There is a law that penalizes the omission of assistance; but the legal question differs from the ethical. However, if we have roughly legislated the assumption, perhaps it is because we thought it was a good idea to put human beings before dogs because it contributes to coexistence, that is, to good life in the polis. That human-animal priority that inspires the law would thus be ethical with respect to the polis (a political principle). Which makes it a little more confusing that there are those who consider his dog, without the metaphorical initial “like”, “a member of the family”. He political scientist Edward C. Banfield has called it “amoral familism”. Relatives being bought and sold and castrated and leashed? It seems so: many justified choosing the dog in those terms —”I choose a member of my family over a stranger”—, apparently without knowing that by avoiding that leap of dignity that exists between the human and the animal, they would be behaving immorally, violating a principle of conscience and another of coexistence —one ethical and the other political—, principles that in cases like this oblige us above our affections.
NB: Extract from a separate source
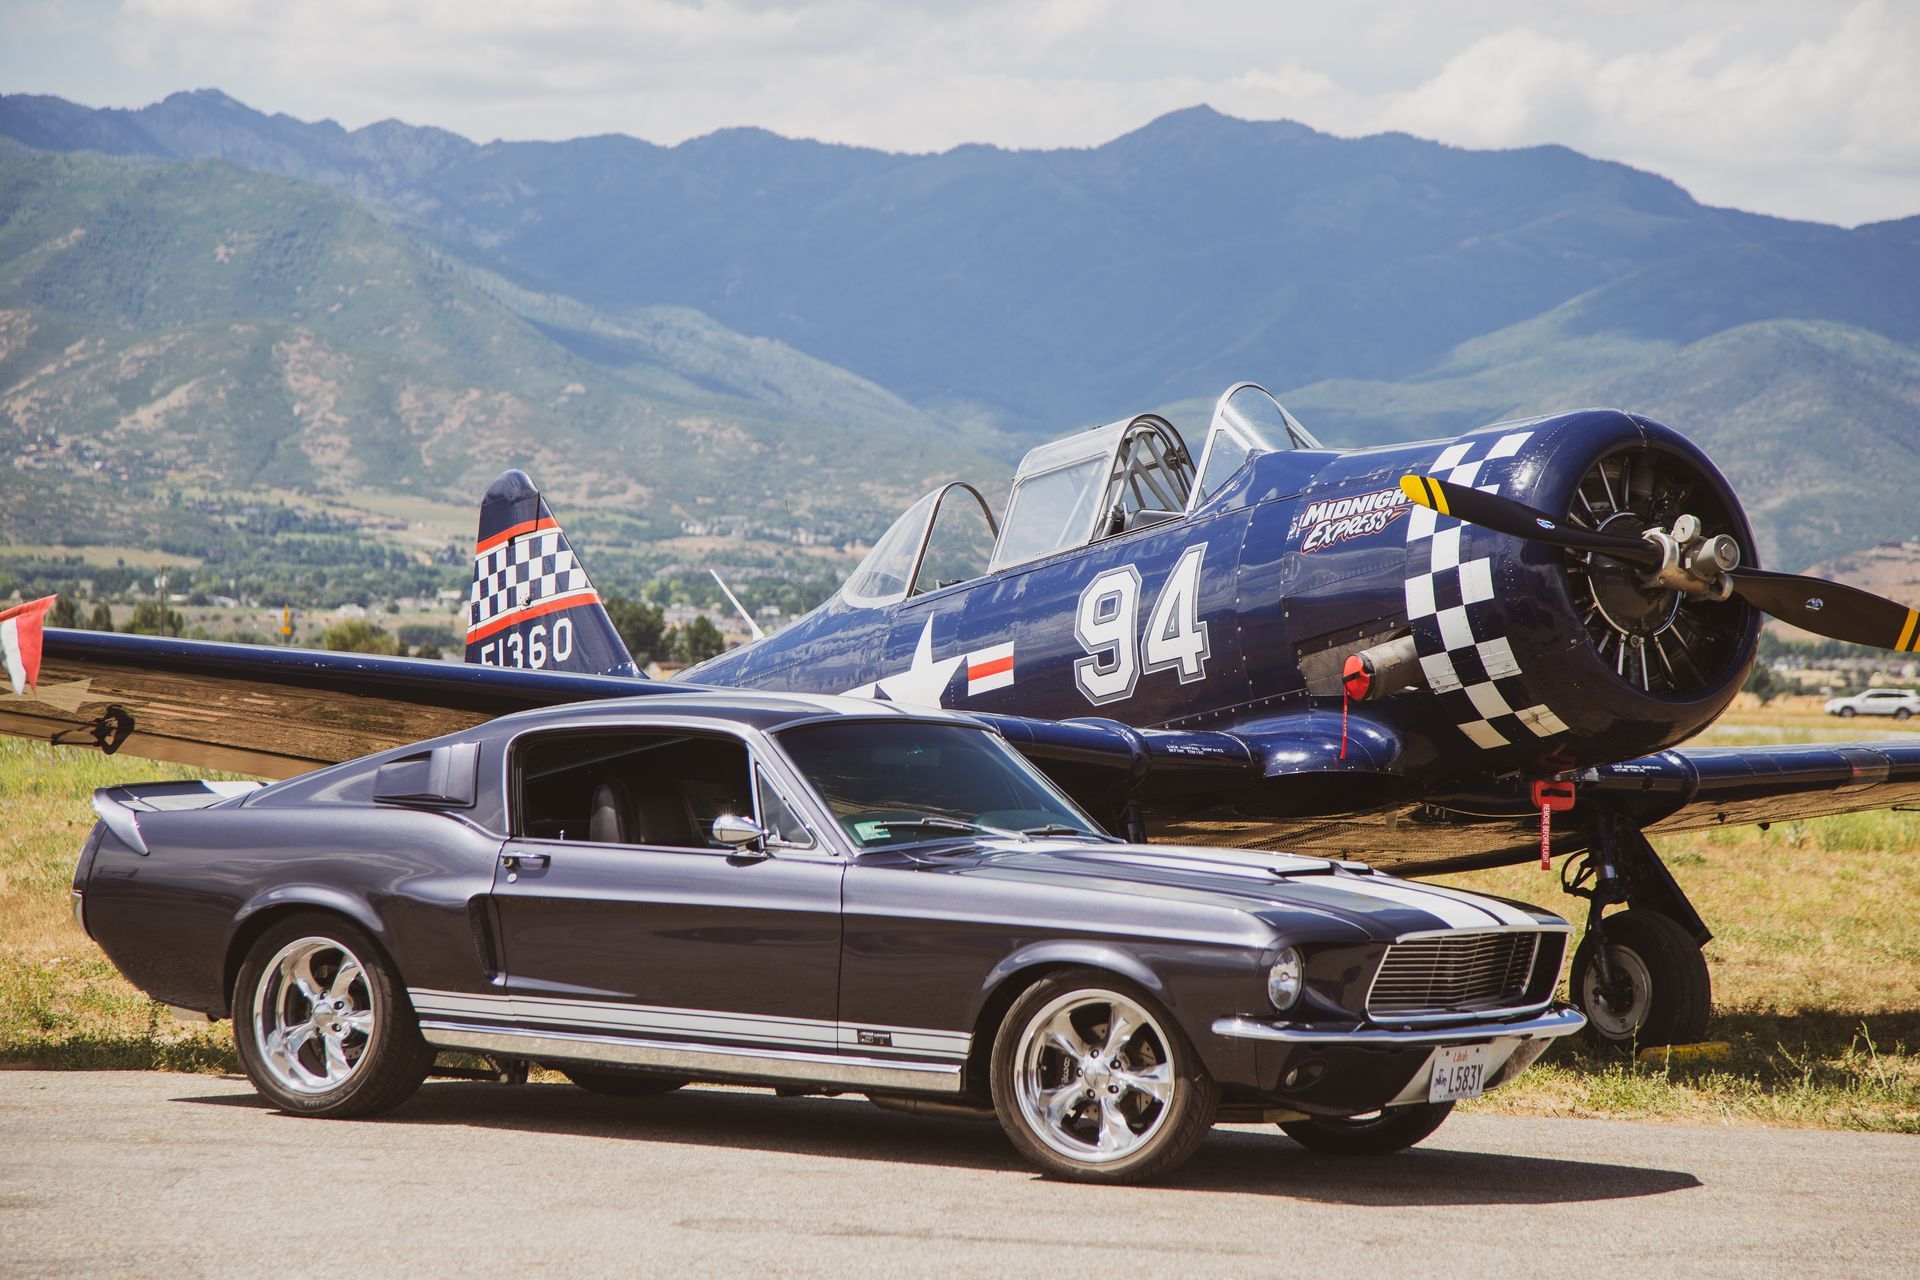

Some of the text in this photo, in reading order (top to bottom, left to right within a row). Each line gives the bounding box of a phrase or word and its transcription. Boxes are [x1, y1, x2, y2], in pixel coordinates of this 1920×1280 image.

That form of immorality called moral emotivism is stronger than ever. Together with relativism, it is one of the larvae that are morally gnawing away at our societies, compromising coexistence. Max Stirner, ideologue of egoism, closes the introduction to The only one and his property with this sentence: “I do not admit anything above me”. It is very difficult to live with people who do not recognize any other guide than their properties and affections. In both Greece and Rome—and later in Virginia and Paris—democracy was born on entirely different and specifically moral foundations: the recognition that there are universal principles that bind us above our personal inclinations and interests. If the sole criterion for action was affection, why would anyone do anything for a stranger, assuming inconveniences or risks, since there is no stronger affection than one feels for oneself?
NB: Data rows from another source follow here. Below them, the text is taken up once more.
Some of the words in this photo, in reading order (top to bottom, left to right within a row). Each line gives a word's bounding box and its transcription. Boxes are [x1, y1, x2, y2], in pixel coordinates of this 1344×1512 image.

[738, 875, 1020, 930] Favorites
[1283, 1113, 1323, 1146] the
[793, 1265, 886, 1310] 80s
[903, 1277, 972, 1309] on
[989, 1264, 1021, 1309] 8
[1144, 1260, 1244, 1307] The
Every society has the duty to educate its members, in addition to carrying out a profitable job, so that they can make good decisions. One of the crucial aspects of our scope of decision is the ethical one, to act with justice. We must be doing something wrong for there to be so many (im)moral relativists and emotivists today. In this field, taking things for granted has the same effect as in others: we go backwards. Ethical knowledge, like that of any other kind, advances; and although many believe that it is “common sense”, we have already said to what extent this is a coarse sense. Until a quarter of an hour ago, so to speak, it seemed “common sense” to us that people with dark complexions could be enslaved, that religion prevailed and that it was immoral for everyone to decide who they could sleep with. And I have heard that even today there are many places where stoning for adultery or cutting is considered an act of justice. It is clear that to develop a robust moral judgment you have to study, think and debate in a judicious framework prior to the gibberish of the networks. Either we return ethics to the classroom or the proliferation of emotivists and relativists will ruin our coexistence.